In 1922 Lt.-Col. James began to treat patients suffering from general paralysis of the insane (GPI), a disease caused by syphilitic invasion of the central nervous system, using malaria therapy. Initially malaria fever had been induced by injection of infected blood, but the Ministry of Health had decided that, as far as possible, the fever should be transmitted by the bites of mosquitoes. However, pilot studies at Cane Hill and Claybury Hospitals found that , in 1925 the malaria laboratory found that there was a strong risk that malaria could spread between patients. Therefore, the laboratory moved to the isolation ward block of the neighbouring Horton Hospital, where a specialist treatment centre and 'mosquito farm' was established.
In the 1930s Horton Lodge, a large mansion on Christchurch Road, was purchased by the LCC as an annexe for the Manor and West Park Hospitals. It was renamed Hollywood Lodge, to avoid confusion with Horton Hospital. Part of the Central Pumping and Power Station was converted as detached accommodation and named 'Sherwood'. In 1938 The Manor had 1292 beds.
During WW2, the Hospital suffered some bomb damage. It joined the NHS in 1948, caring for moderately mentally handicapped young adults and disturbed adolescents. It gained an international reputation in the field of industrial and behaviour therapy. In 1951 it had 1417 beds. In 1960 it had 1200 beds.

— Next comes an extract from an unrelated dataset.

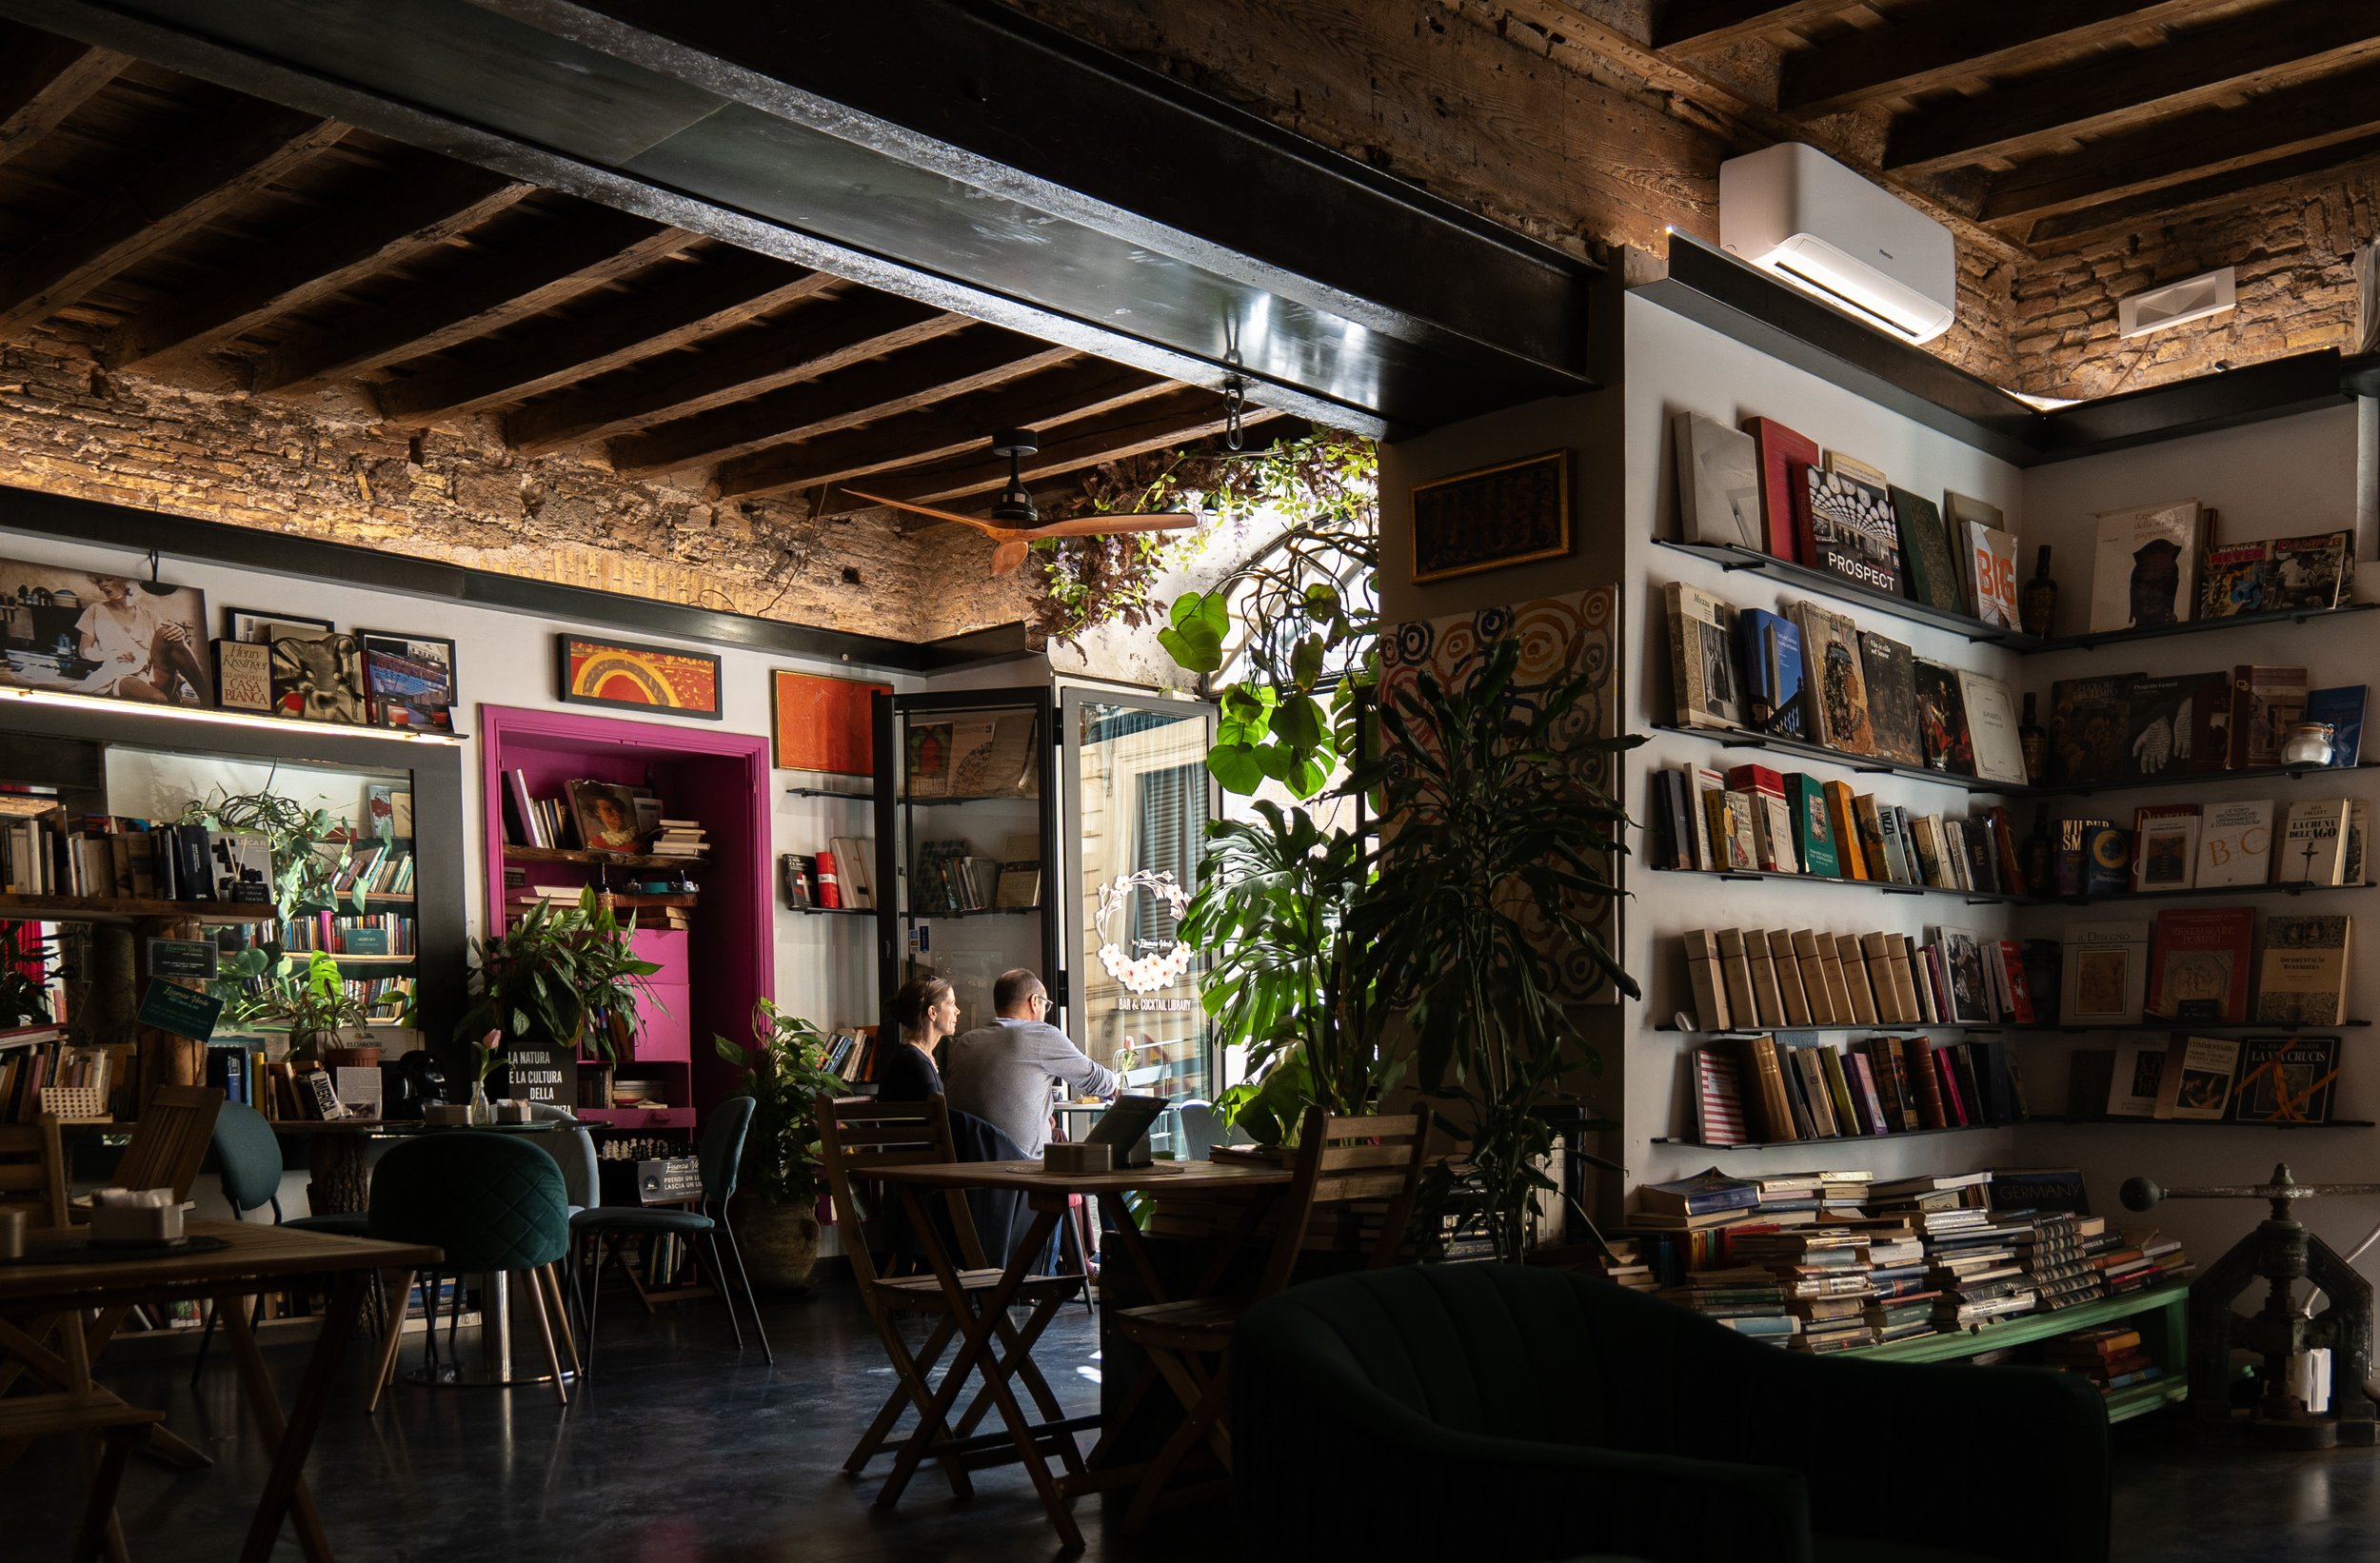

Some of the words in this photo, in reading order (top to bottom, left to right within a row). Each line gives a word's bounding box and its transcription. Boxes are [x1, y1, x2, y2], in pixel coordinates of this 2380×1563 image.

In 1971 it had 1067 beds, 25 of which were secure beds in locked wards. By this time the state of the temporary pavilions was causing concern. Built with a life expectancy of 15 years, they were still in use 70 years later. During the 1970s the Hospital was redeveloped and large single-storey red brick bungalow units with flat roofs were built on the eastern part of the site. The temporary 'huts' were demolished. In 1973 the Queen Elizabeth Hospital in Banstead Woods became a satellite of the Hospital. In 1975 the isolation hospital was demolished and new staff housing built on the site. The Hospital by this time had 1042 beds, including those in Hollywood Lodge, Sherwood, Aldingbourne House (a 60-bed unit near Chichester where patients would be sent for seaside holidays), Queen Elizabeth Hospital and Elizabeth House (a former Nurses' Home converted into a hostel for 55 patients working in the community). In 1979, now under the control of the Mid-Surrey Health District, it had 800 beds for mentally handicapped adults and children.
Following government policy of integrating patients into the community, the Hospital gradually emptied as patients were found alternative accommodation. In 1985 it had 621 beds, but by 1990 only 454. The thriving market garden run by the patients became more difficult to maintain, but continued to sell plants to the public from specially converted barns. The Hospital finally closed in 1996.